On the space $c_0 $ consider a norm $\Vert x\Vert :=\Vert x\Vert _\infty +\Vert x\Vert _2$, which is obtained adding a (weighted) pre-Hilbert norm, hence strictly convex
$$\Vert x\Vert _2:=\sqrt{\sum_{k=1}^\infty 2^{-k}x_k^2}$$ to the standard norm $$\Vert x\Vert_\infty:=\max_{k\ge1}|x_k|.$$ Thus $ \Vert x\Vert _\infty\le \Vert x\Vert\le 2 \Vert x\Vert _\infty$, so $\|\cdot\|$ is equivalent to $\|\cdot\|_\infty$, and it is strictly convex.

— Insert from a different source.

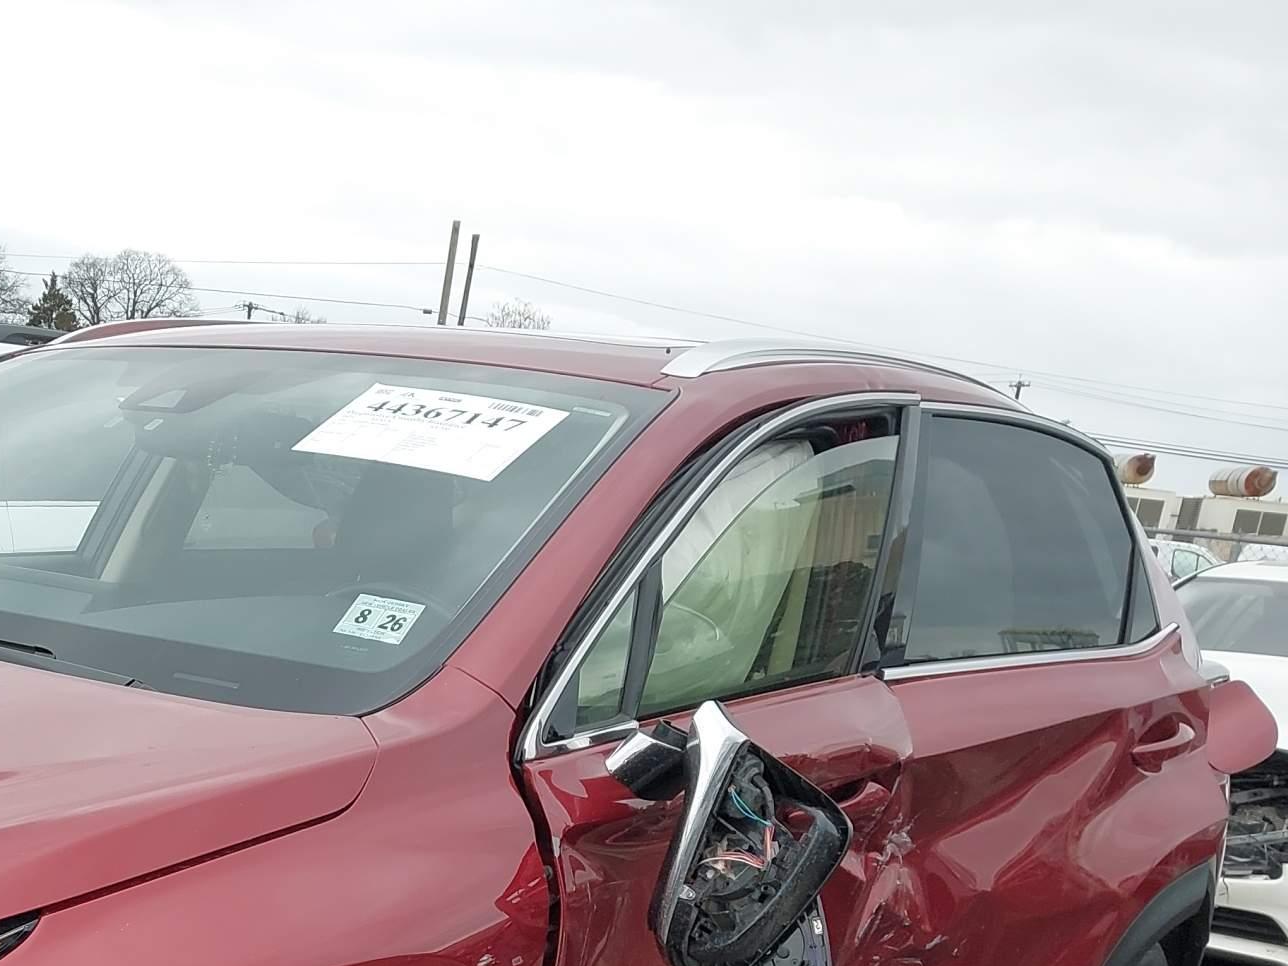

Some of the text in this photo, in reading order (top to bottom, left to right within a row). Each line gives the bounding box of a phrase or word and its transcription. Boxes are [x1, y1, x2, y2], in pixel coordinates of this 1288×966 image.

[366, 400, 528, 432] 44367147
[354, 608, 407, 632] 8 26

Consider the linear form $f\in(c_0)^*=\ell_1$ defined by $f_k:=2^{-k}$. Then for any $x\in c_0\setminus\{0\}$ $$\langle f,x\rangle=\sum_{k=1}^\infty 2^{-k}x_k\le\sqrt{\sum_{k=1}^\infty 2^{-k}}\sqrt{\sum_{k=1}^\infty 2^{-k}x_k^2}=\|x\|_2 $$ and also $$\langle f,x\rangle<\Big( \sum_{k=1}^\infty 2^{-k}\Big)\|x\|_\infty=\|x\|_\infty =\|x\|-\|x\|_2.$$ Therefore $\displaystyle\langle f,x\rangle<\frac12\|x\|$ for all $x\neq 0$. On the other hand, for the sequence $x^n:=\sum_{k=1}^ne_k=({1,\dots,1},0,0\dots)\in c_0$ one has $$\frac{\langle f,x^n\rangle}{\|x^n\|}=\frac{ \sum_{k=1}^n 2^{-k}}{1+\sqrt{\sum_{k=1}^n 2^{-k}}}=\frac{ 1- 2^{-n}}{1+\sqrt{1- 2^{-n}}}=\frac12+o(1).$$ So $f$ has dual norm $\displaystyle \frac12$, but it is not attained on the closed unit ball.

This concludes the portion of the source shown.